Carbocisteine is administered as an oral preparation, with dosages ranging from 750 mg twice a day to 4.5 g once a day. Evidence suggests that a higher concentration of active compounds was achieved via nocturnal administration of the drug.[2]

Erdosteine is administered orally, and the doses can range from 600 to 900 mg. However, the dose should be titrated carefully in elderly patients with chronic liver disease as an increased plasma concentration, and elimination half-life have been reported in these cases.[5]

Adverse Effects

  • The most frequently reported adverse effects of oral N-acetylcysteine are vomiting and diarrhea. After 16 to 18 days of N-acetylcysteine use, the incidence of vomiting and diarrhea increased by 50% and 43.5%, respectively.[9][12] Increased blood pressure, respiratory distress, chest pain, fever, rectal bleeding, headache, hypotension, lethargy, and skin allergy reportedly occur in less than 5% of cases. Aerosolized N-acetylcysteine is poorly tolerated due to its irritant effect and a very foul odor that can induce vomiting. A high incidence of anaphylactic reactions is observed in patients given intravenous N-acetylcysteine.[13]
  • The most commonly reported adverse reactions with Dornase alfa are laryngitis, voice alteration, and rash compared to placebo. Other less significant adverse were pharyngitis, chest pain, and conjunctivitis. These adverse effects were mostly transient and not reported to be severe enough to cause treatment withdrawal or require alterations in dosing. There have been no reports of an anaphylactic reaction to dornase alfa to date. Within all the studies, about 2 to 4% of patients treated with dornase alfa developed serum antibodies to the drug, the clinical significance of which is yet to be discerned.[6]
  • Mild gastric discomfort, gastric ulceration, and fixed drug eruptions have been reported with carbocisteine.[2]
  • Epigastralgia, headache, erythema, and nausea have been reported in patients receiving erdosteine, the latter two of which led to treatment discontinuation.[5]

Contraindications

  • Due to its propensity to cause emesis, N-acetylcysteine is contraindicated in patients with peptic ulcers. It is also contraindicated in patients with esophageal varices and Mallory-Weiss tears due to similar reasons. It must be strictly avoided in patients who have had an anaphylactic reaction to the drug in the past.
  • The only contraindication for dornase alfa is known hypersensitivity to the drug in the past or if the patient is hypersensitive to Chinese hamster ovary (CHO) cell products.[14]
  • Carbocysteine is contraindicated in patients with active gastric ulceration.[2]

Monitoring

After a 400 mg oral dose of N-acetylcysteine, the maximum plasma concentration was calculated to be 3.47 mg/L, taking 30 minutes to achieve it. The volume of distribution for N-acetylcysteine varies from 0.33 to 0.47 L/kg. 4 hours after an intravenous dose, 50% of the drug was found to be bound to plasma proteins. N-acetylcysteine undergoes extensive first-pass metabolism in the gut wall and liver when administered orally, leading to about 6 to 10% bioavailability. A majority of the elimination of this drug is non-renal, and the kidneys eliminated only 30%.[9]

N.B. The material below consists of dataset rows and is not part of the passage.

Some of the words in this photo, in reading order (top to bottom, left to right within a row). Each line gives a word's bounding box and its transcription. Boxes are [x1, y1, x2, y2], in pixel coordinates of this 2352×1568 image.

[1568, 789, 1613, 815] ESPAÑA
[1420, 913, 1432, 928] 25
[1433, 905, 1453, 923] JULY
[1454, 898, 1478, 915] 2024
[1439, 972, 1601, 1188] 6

Animal studies have shown a minimal systemic absorption after aerosol inhalation of dornase alfa. Inhalation of even very high doses (10mg three times a day) did not significantly increase the serum DNase concentration.[15] Whatever little systemic absorption that does occur is believed to be protein-bound and is cleared from the body with no significant accumulation in the tissues.[16][17] This implies that minimal to no monitoring is necessary for the patients receiving this drug. Following inhalation of a 2.5 mg dose of dornase alfa, a mean sputum concentration of 2 μg/mL was detected within the first 15 minutes, and 2 hours later, the concentration fell to 0.6 μg/mL. The disappearance half-life from the lungs in animal models was calculated to be about 11 hours. In primates, the bioavailability was less than 2%.[17]

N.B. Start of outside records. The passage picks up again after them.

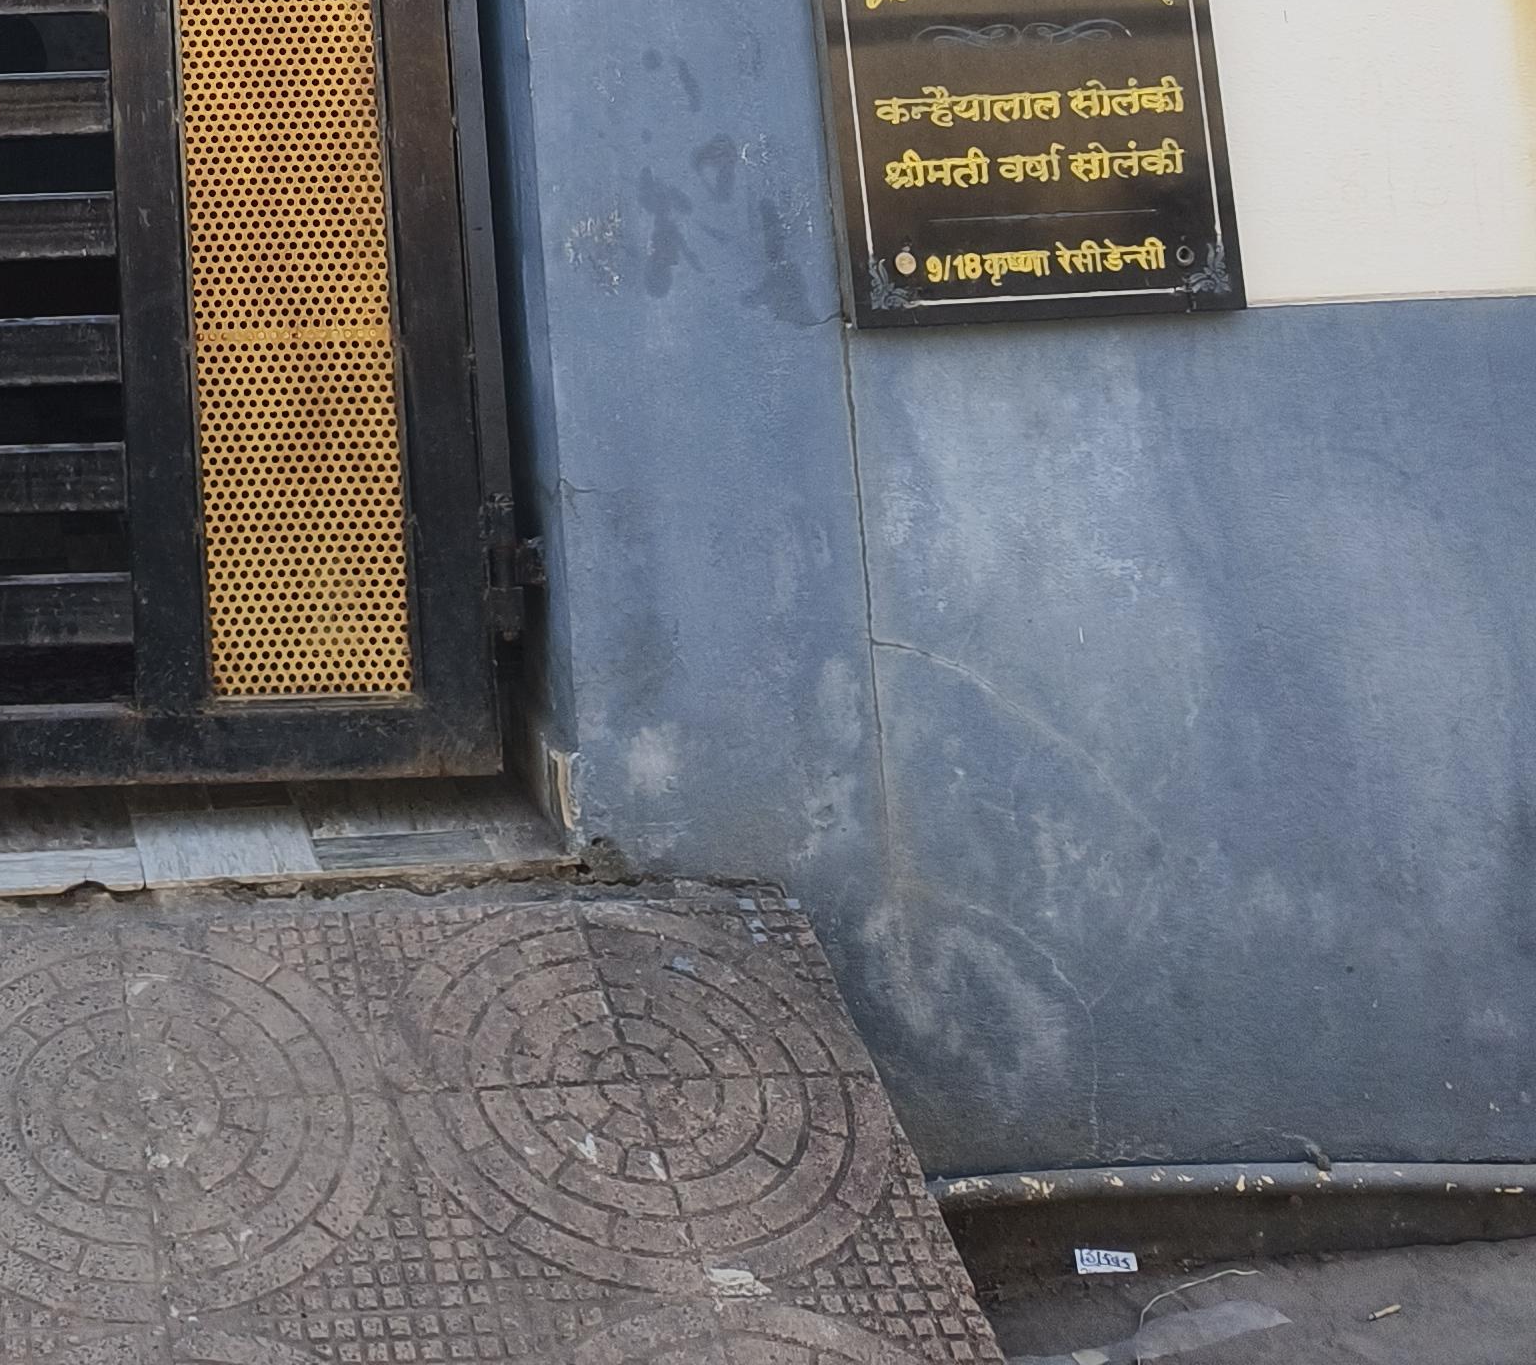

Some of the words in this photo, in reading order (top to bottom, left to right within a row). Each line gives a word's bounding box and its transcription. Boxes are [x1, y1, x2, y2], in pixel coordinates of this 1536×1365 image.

[874, 85, 1063, 128] कन्हैयालाल
[1066, 75, 1185, 118] सोलंकी
[884, 146, 990, 189] श्रीमती
[996, 141, 1066, 183] वर्षा
[1067, 136, 1186, 182] सोलंकी

Carbocisteine shows one-compartment open model kinetics after absorption and achieves its peak plasma concentration in 1 to 1.7 hours. The drug undergoes partial metabolism in the liver, and up to 60% of the drug is excreted by the kidneys unchanged.[2]

Following oral administration, Erdosteine reaches its peak plasma concentration in 1.4 hours and has a similar elimination half-life. It contains two sulfhydryl groups that are blocked. These are released only after its hepatic metabolism, which confers the valuable property of not affecting the mucus lining the stomach. No significant drug accumulation has been reported.[5]

Drug Interactions

  • Oral N-acetylcysteine must not be given with activated charcoal, as a 3 g preparation will adsorb 54.6% of the drug, and a 6 g preparation will adsorb 96.2% of the drug, markedly reducing its efficacy.[9]
  • N-Acetylcysteine provides local protection from the toxic metabolites of intravenous cyclophosphamide to the urethra, bladder, ureters, and kidneys when administered orally along with it.[18]
  • Evidence suggests that N-Acetylcysteine can prevent doxorubicin-induced cardiomyopathy in animal models when co-administered.
  • Dornase alfa has been shown to greatly potentiate the antibiotic effect of tobramycin and amikacin against multiple strains of Pseudomonas aeruginosa and Staphylococcus aureus.[6]
  • Administration of erdosteine with amoxicillin in patients with an acute infective exacerbation of chronic bronchitis resulted in higher concentrations of the antibiotic in the sputum, leading to earlier and more pronounced amelioration of clinical symptoms compared with placebo.
  • A higher concentration of amoxicillin in the sputum of patients suffering from an acute infective exacerbation of chronic bronchitis was reported when it was co-administered with erdosteine.[5]

Toxicity

N-acetylcysteine has a wide therapeutic index. Dosing errors, however, have led to instances of toxicity. These are more common with intravenous administration of the drug. There is a reported instance where ten times the recommended loading dose was administered to a 23-year old female.[13] This dose led to thrombocytopenia, hemolysis, acute renal failure, and ultimately death. Another study, however, showed that oral administration of N-acetylcysteine, as commonly used in patients with muco-obstructive disorders, is safer than intravenous route and dosing errors are much less likely.[19] Research has shown that oral doses as high as 30g/day for three days were very well tolerated, with minor adverse effects like vomiting and diarrhea.[12]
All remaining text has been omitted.